沈赤玉提起竹捆和那筐线香。这时柳挽翠绕着找来了。
“嚯哟,沈哥的力气真大!”柳挽翠震惊看了眼,又嗅嗅沈赤玉手里的线香,皱了鼻子,“好呛人的香,你怎的买了这么多?是不是叫人诓了?”
“早知道我就带着你了,是谁卖给你的?”柳挽翠有些恼怒,“走,我带你回去找他麻烦!”
戚倚春脚步没动,只道:“去买茶吧。”
“……”柳挽翠急急停步,转身看了她一眼,轻叹口气,引着她踏进茶庄门槛。
一股清涩的干香扑面而来。
柜后掌柜抬眼,见是生客,脸上立刻堆起熟络的笑:“贵客临门,可是要选些好茶?”
不待戚倚春应答,他已从架上捧下一只青花瓷罐,揭盖献宝似的递到跟前:“您瞧瞧这秋露茶,昨儿才从南边山场快马捎来的。叶芽匀细,最是清心润肺。”

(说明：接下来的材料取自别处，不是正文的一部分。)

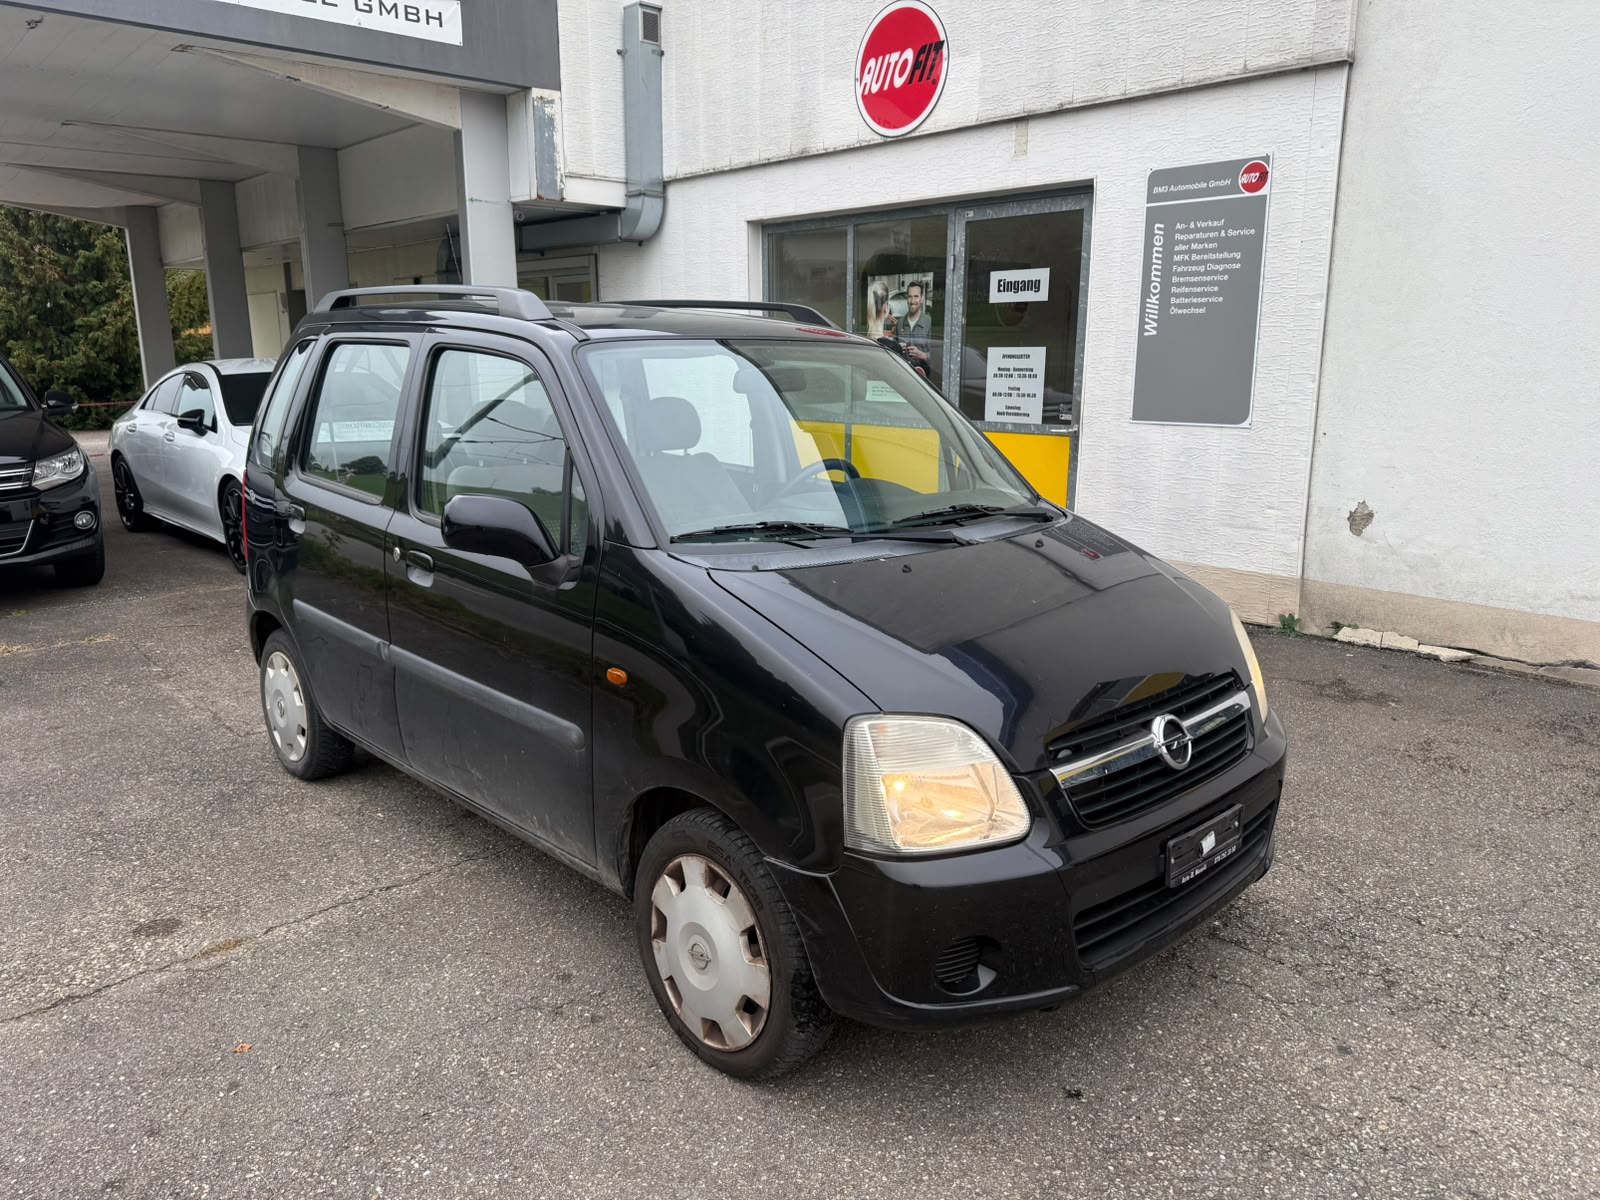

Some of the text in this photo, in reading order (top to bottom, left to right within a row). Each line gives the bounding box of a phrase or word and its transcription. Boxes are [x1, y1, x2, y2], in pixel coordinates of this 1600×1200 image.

[354, 0, 443, 28] GMBH
[861, 39, 945, 96] AUTOFIT
[1240, 171, 1269, 184] AUTOFIT
[1153, 178, 1231, 194] BM3 Automobile GmbH
[1175, 219, 1225, 230] An- & Verkauf
[1174, 231, 1219, 241] Reparaturen
[1227, 228, 1255, 237] Service
[1174, 241, 1218, 251] aller Marken
[1173, 251, 1241, 262] MFK Bereitstellung
[1172, 262, 1241, 273] Fahrzeug Diagnose
[1143, 223, 1165, 336] Willkommen
[1172, 274, 1229, 283] Bremsenservice
[997, 279, 1041, 294] Eingang
[1171, 285, 1219, 294] Reifenservice
[1170, 295, 1223, 304] Batterieservice
[1169, 306, 1206, 315] Ölwechsel

戚倚春未接话,只微微倾身,揭开另一罐。轻拈起一撮,就着门边天光细看。
叶形尚整,但嗅之清气不足,指尖搓捻间,微有碎末沾手。
“这是粗茶,口感是很差的。”掌柜笑容不改,“一分钱一分货,我还是推荐……”
戚倚春话音笃定:“就这个。”
“诶,戚姑娘,你这是买回去待客,怎么好只给粗茶?”柳挽翠将话接过,“还是买些秋茶备着。”
说着,她又看向茶铺掌柜,语气温缓,“掌柜的,我们姑娘是开茶坊的,往后来你这里买茶的时候多着呢。要我说,你这价得再让三分。”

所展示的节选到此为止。